Exact copies of all the lines below are needed, without the pictures.

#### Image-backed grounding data
::::::

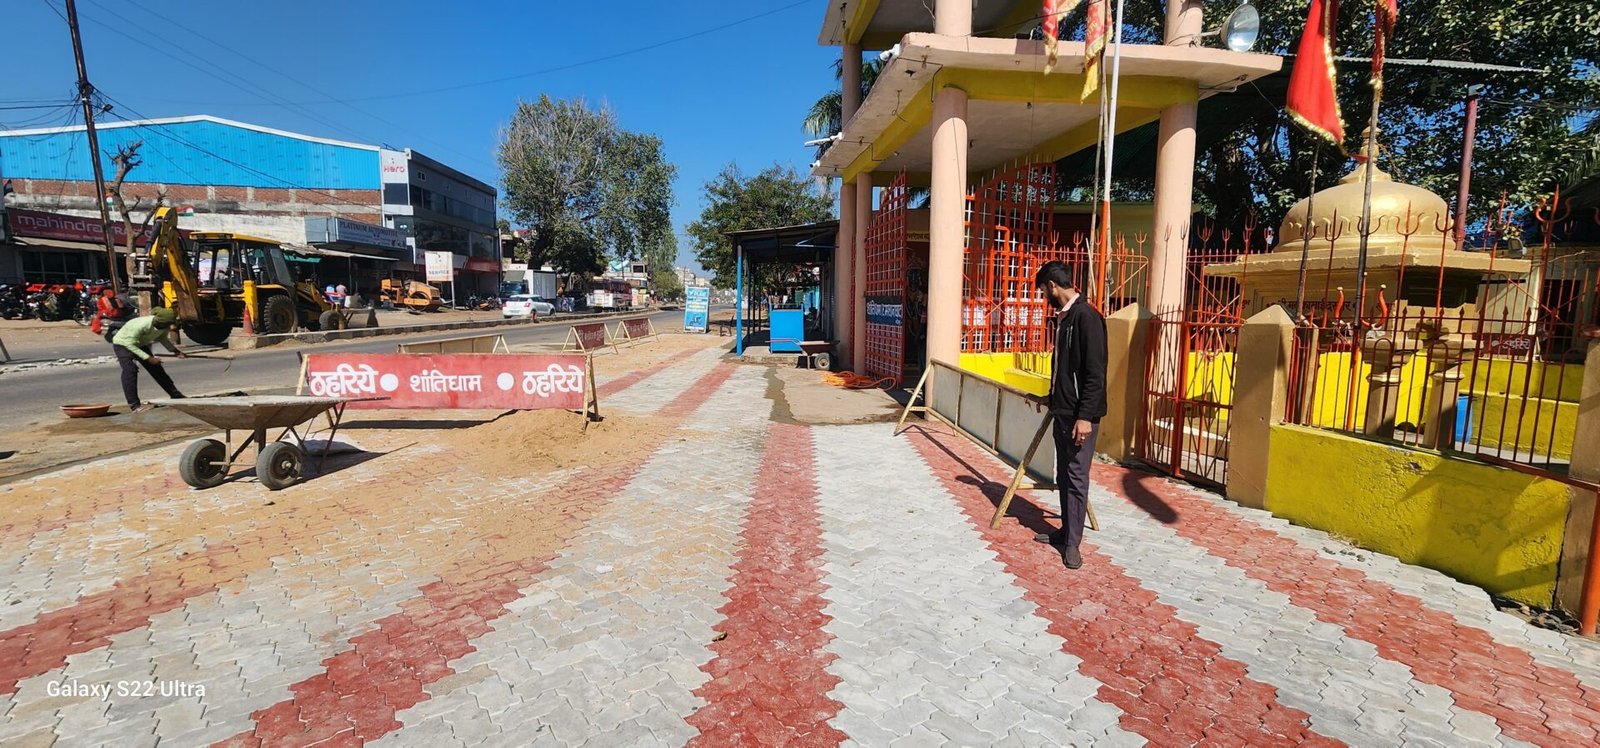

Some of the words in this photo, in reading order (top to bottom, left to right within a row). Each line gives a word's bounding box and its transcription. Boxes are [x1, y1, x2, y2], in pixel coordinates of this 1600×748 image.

[17, 215, 104, 233] mahindra
[310, 363, 378, 397] ठहरिये
[409, 368, 482, 393] शांतिधाम
[522, 363, 585, 397] ठहरिये
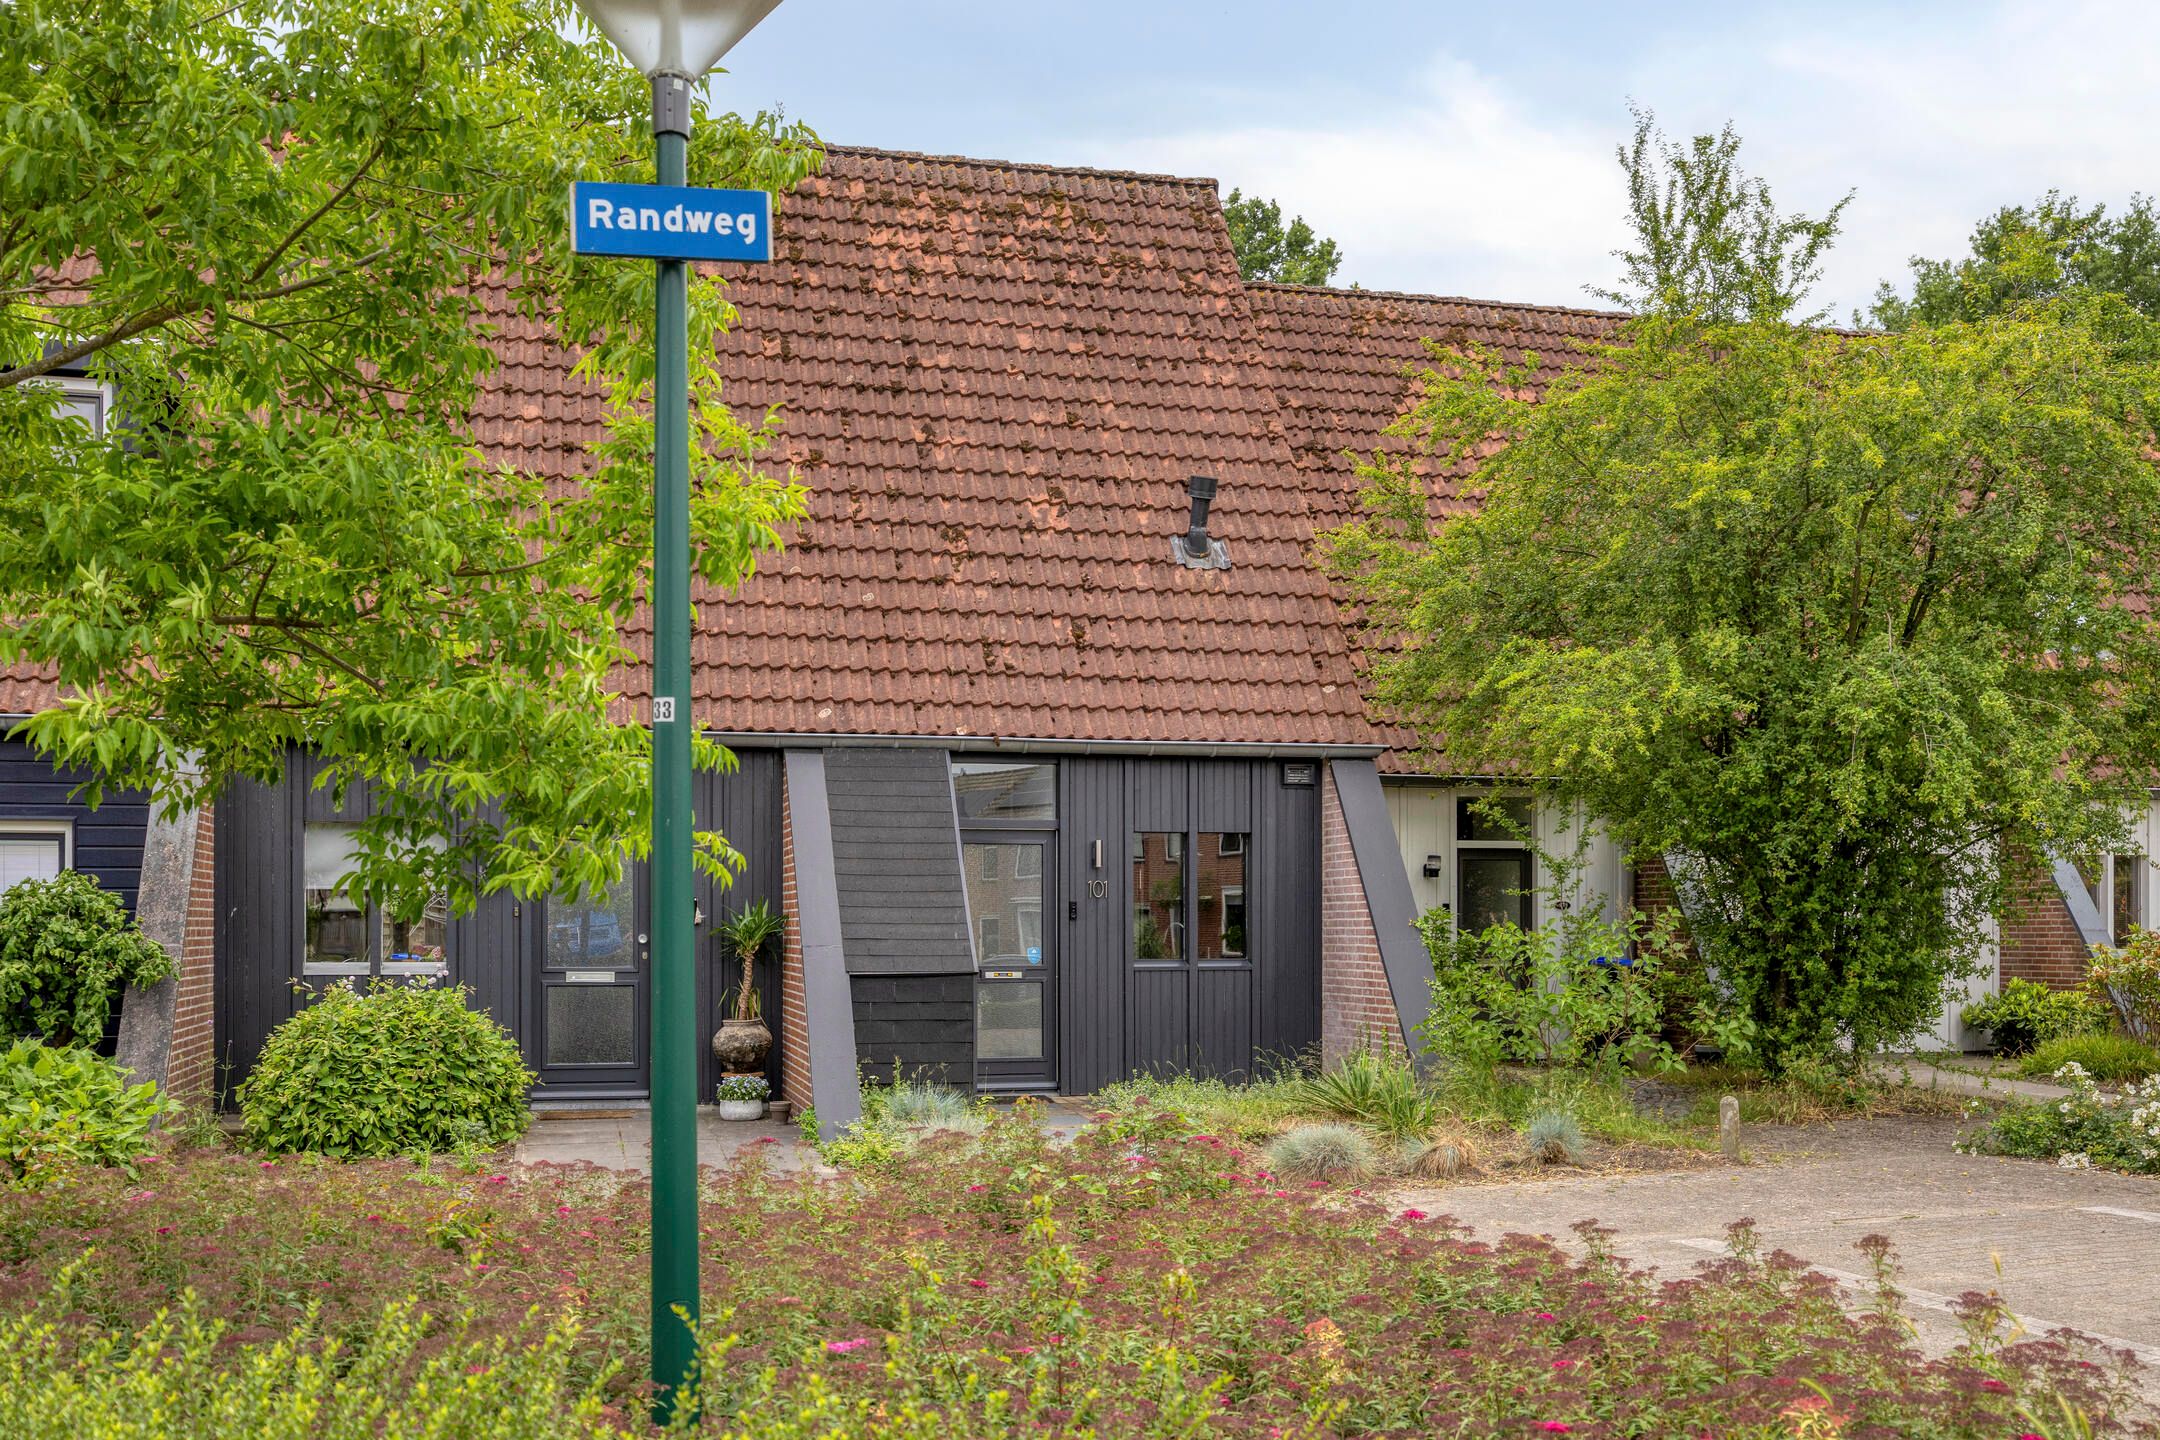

::::::

#### Solution for this task
Some of the words in this photo, in reading order (top to bottom, left to right within a row). Each line gives a word's bounding box and its transcription. Boxes are [x1, y1, x2, y2], in pixel coordinates of this 1600×748 image.

[17, 215, 104, 233] mahindra
[310, 363, 378, 397] ठहरिये
[409, 368, 482, 393] शांतिधाम
[522, 363, 585, 397] ठहरिये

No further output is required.